While short, I think it's safe to say that's one of the most beautiful and moving tales of love and happiness that the world has ever known. The DS, for all its tinny sound and horribly region-locked future, is the greatest thing for puzzling chaps and chapesses since the invention of the pencil. Pick it up, run into the street, hold it above your head, and shout, "I love my DS and your laws and your twisted moralities can never keep us apart!"
Good. Now welcome to Pic Pic. You may already be very familiar with this, as it's already a year old. But like Slitherlink before it, this isn't about being fresh out the factory - it's about being a truly great puzzle game that you likely haven't heard about.
Pic Pic is, of course, originally a Japanese puzzle game (as no other country appears capable of creating a good one), but unusually has been translated and relocated for English-speaking types. (Something we still dearly wish would happen for Slitherlink). Originally called the slightly less catchy PikuPiku: Toku to E Ninaru 3-tsu no Puzzle, it's three puzzle games on one cart. And they're all great.

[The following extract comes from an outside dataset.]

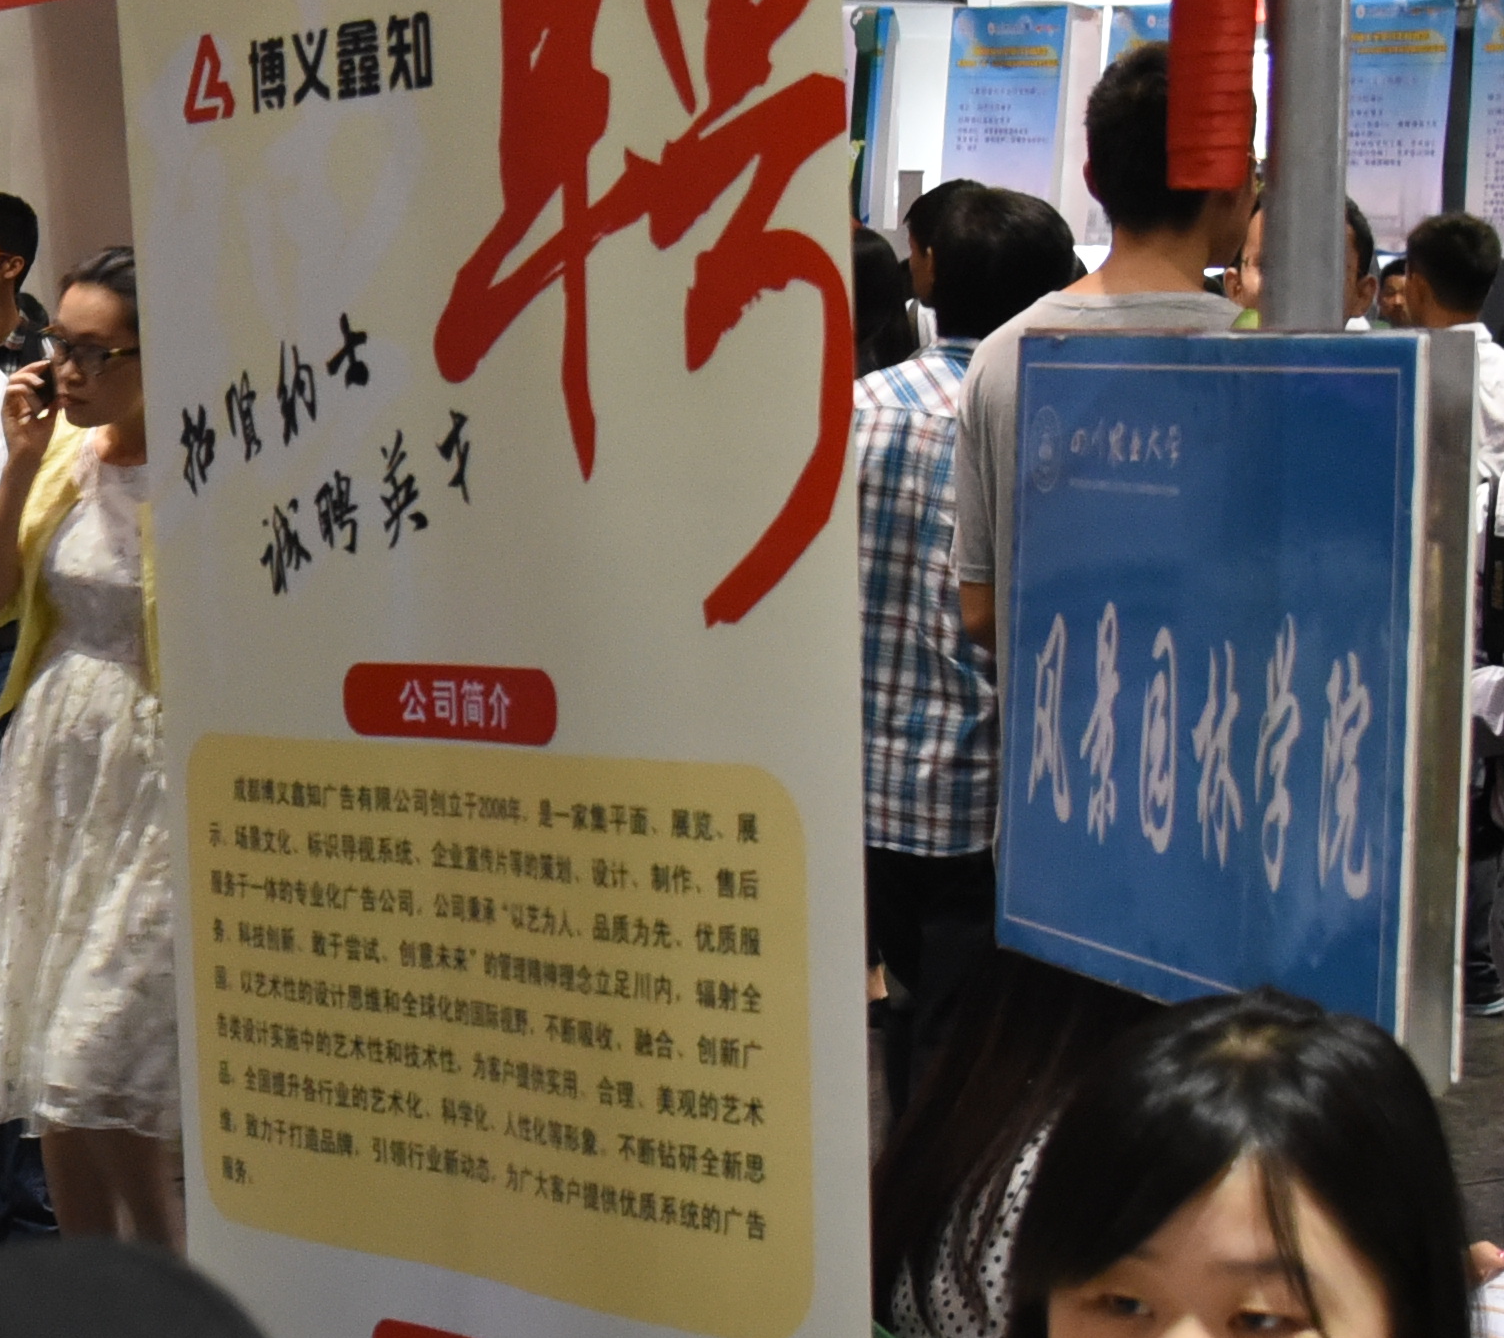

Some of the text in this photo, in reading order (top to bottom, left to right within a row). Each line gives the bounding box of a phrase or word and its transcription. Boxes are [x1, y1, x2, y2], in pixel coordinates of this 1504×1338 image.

[247, 10, 435, 114] 博义鑫知
[398, 678, 512, 730] 公司简介
[1026, 600, 1371, 901] 风景园林学院

Drawing - the best of them all. Oddly enough, this very early coffee maker puzzle is one of the hardest.
One stands out - Drawing. But before we get to that, bear with me for the onerous task of describing a visual puzzle in words - it's never a simple matter.
All three are built around a shared theme: completing a puzzle to reveal a picture on the top screen. Maze Paint is the simplest of the three - it's solving mazes. Something you've likely not done since you were a kid. The difference here is the path taken to find the solution paints blocky lines on the corresponding top screen, which results in a cute image. These start off pretty simply, but quickly become astonishingly enormous. There's a remarkable 400 maze puzzles here, and skipping ahead to look at number 354, say, is terrifying. The bottom screen, on the most zoomed out setting, still only shows about a twelfth of the total pattern shown in full above. It's the stuff of crazed fluey nightmares, trapped in a labyrinth larger than your mind can comprehend. HELP! And yet, ooh, what a nice picture.

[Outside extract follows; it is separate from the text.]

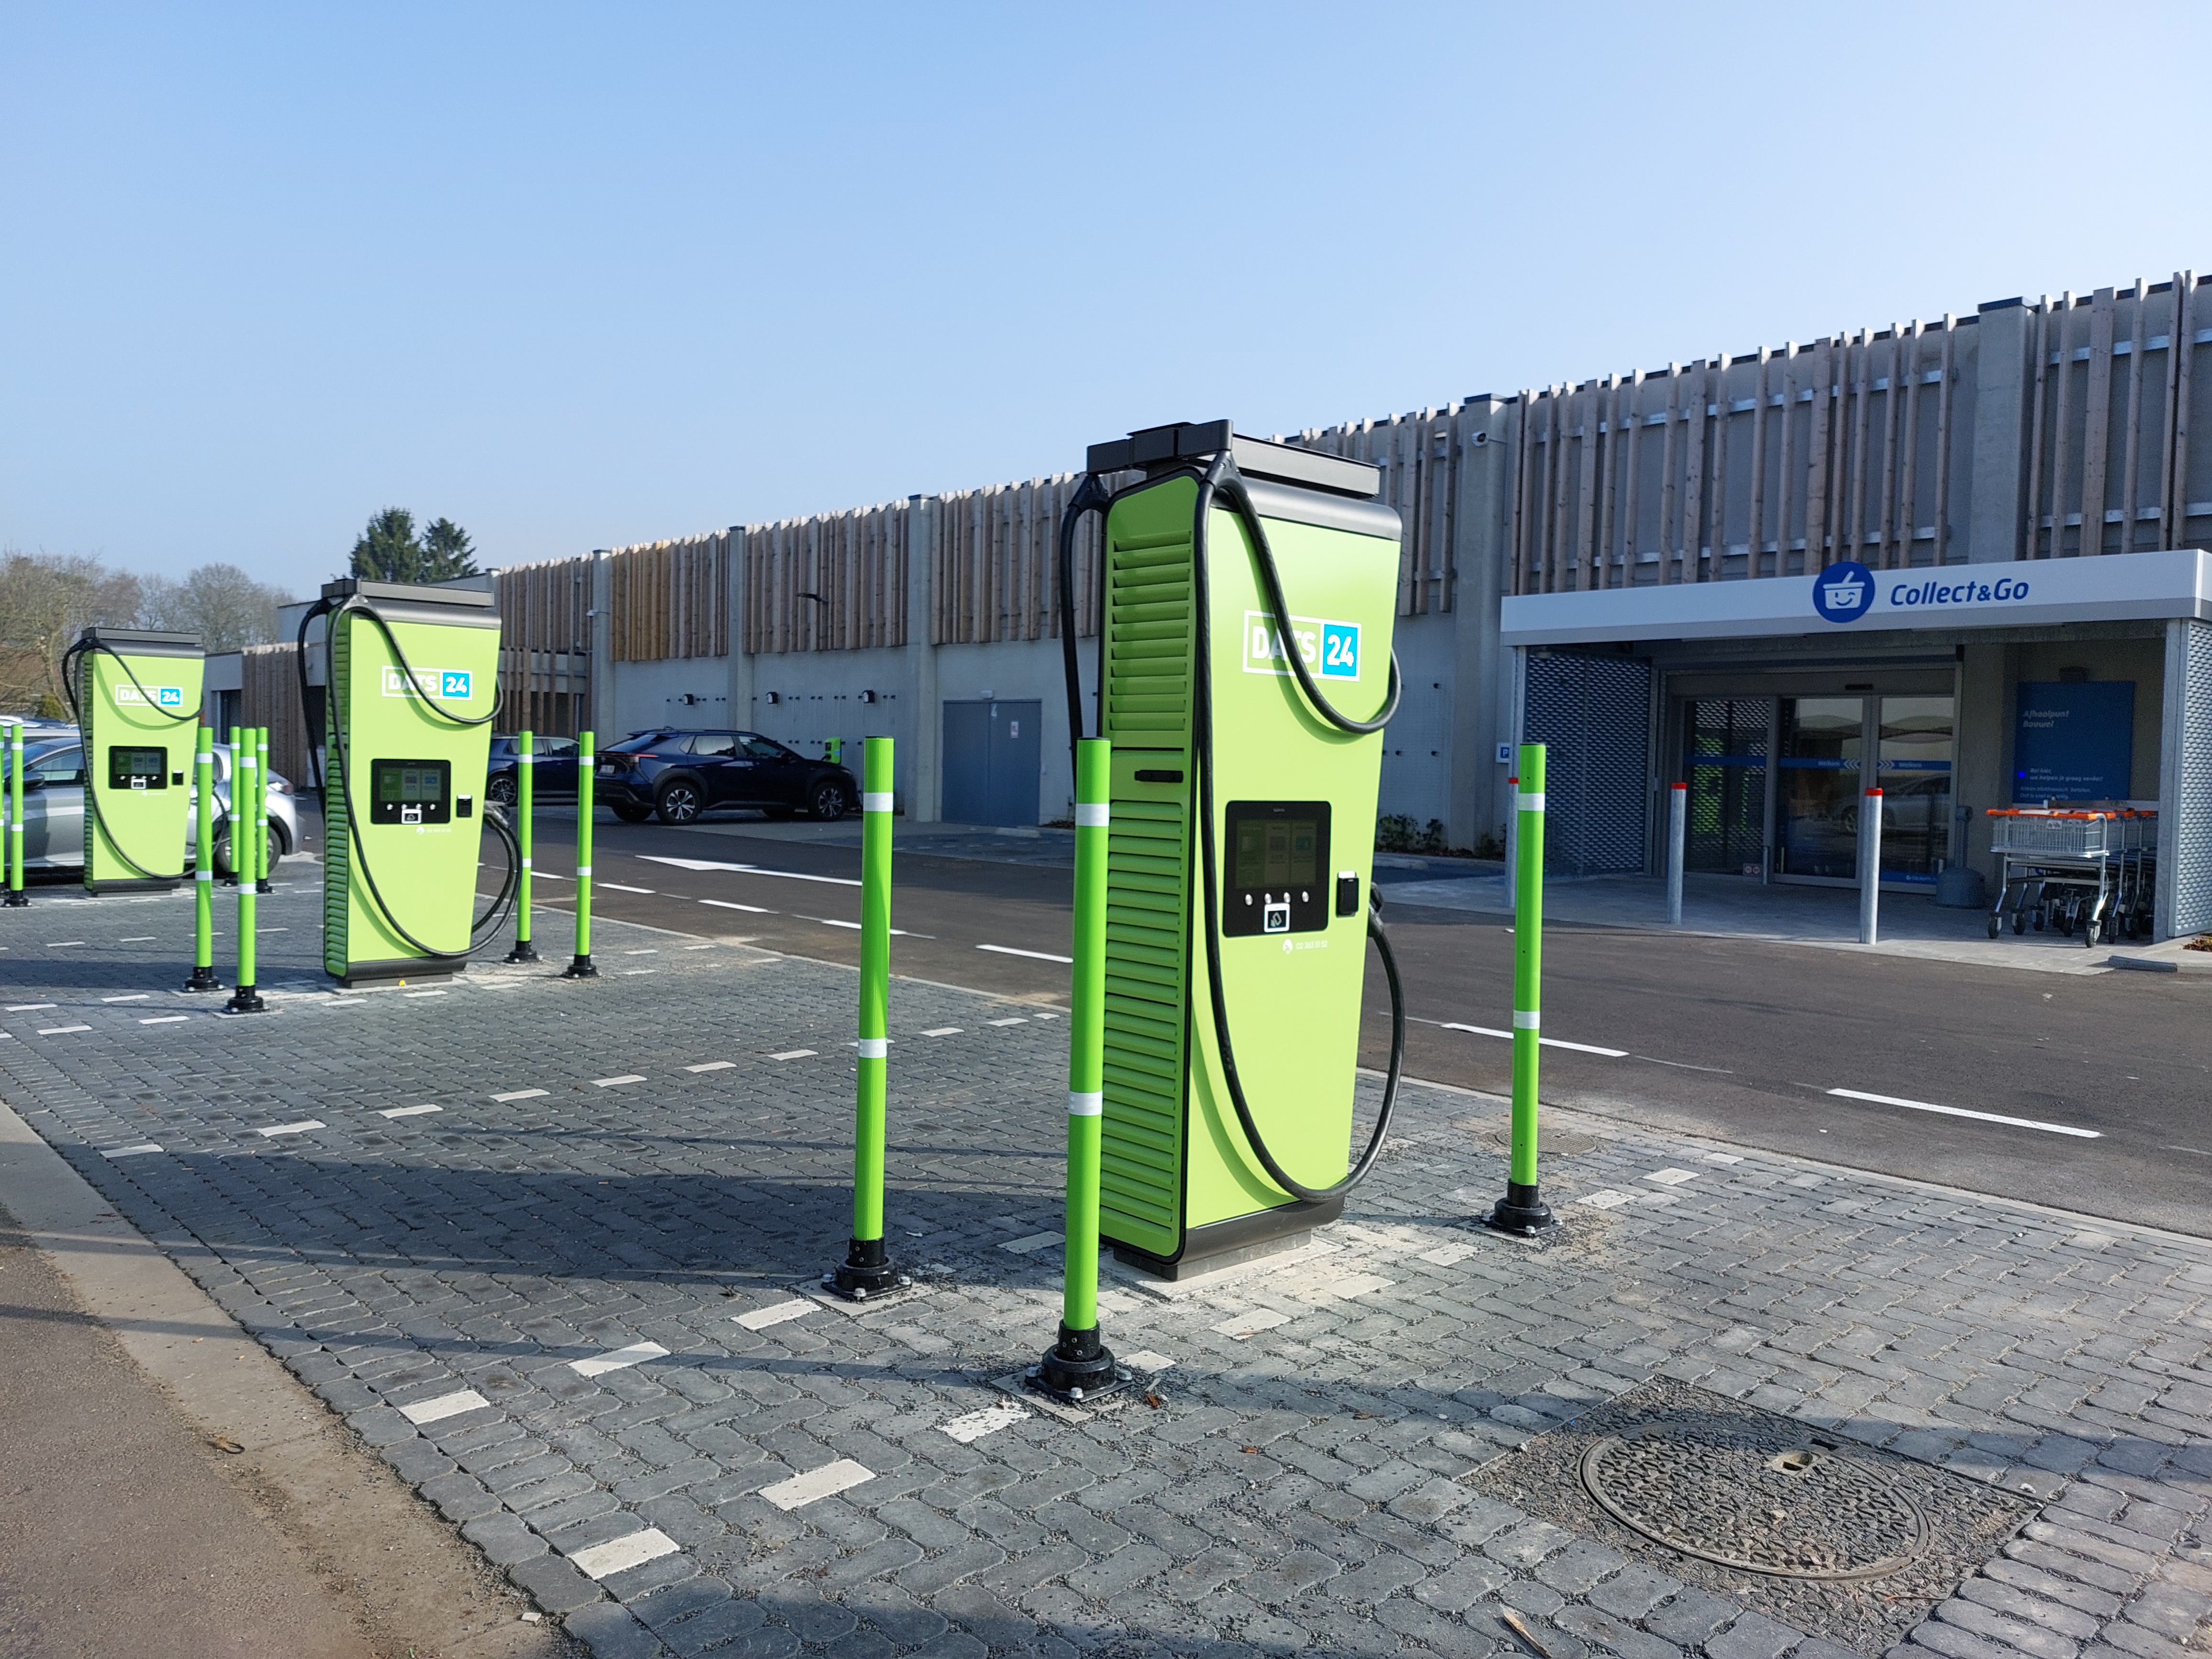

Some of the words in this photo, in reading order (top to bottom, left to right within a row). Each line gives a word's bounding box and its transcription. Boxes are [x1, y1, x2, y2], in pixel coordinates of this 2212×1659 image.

[1890, 578, 2029, 606] Collect&Go
[1327, 634, 1354, 667] 24
[445, 676, 467, 693] 24
[162, 691, 179, 703] 24

I'm saving Drawing for last, so next is Magipic. Here you have a grey grid, with numbers in about half the squares. The idea is to paint the corresponding number of tiles black to which each number is adjacent. Um, bear with me. So, if there's a 9 on the grid, then the square itself and all those immediately surrounding go black. A 6 touching the edge of the screen is going to receive the same. A 6 in the middle of the screen is obviously not immediately solvable. A 0, meanwhile, is filled in with surrounding whites. So you start by filling in all the 9s and 0s, and then the rest becomes more obvious. A 6 alongside the surrounding whites of 0 can now have its remaining squares filled in black, etc.
For the first few hundred (it's odd to write that) these are quite elementary, only more challenging by their sheer size. Finding that one next move is the aim, which then satisfyingly reveals a stream of new moves. Toward the end, it does slightly disappointingly seem to leave small areas where you're forced to make informed guesses, which seems against the spirit of the thing. But frankly, there's so bloody many - 400 again - you won't mind.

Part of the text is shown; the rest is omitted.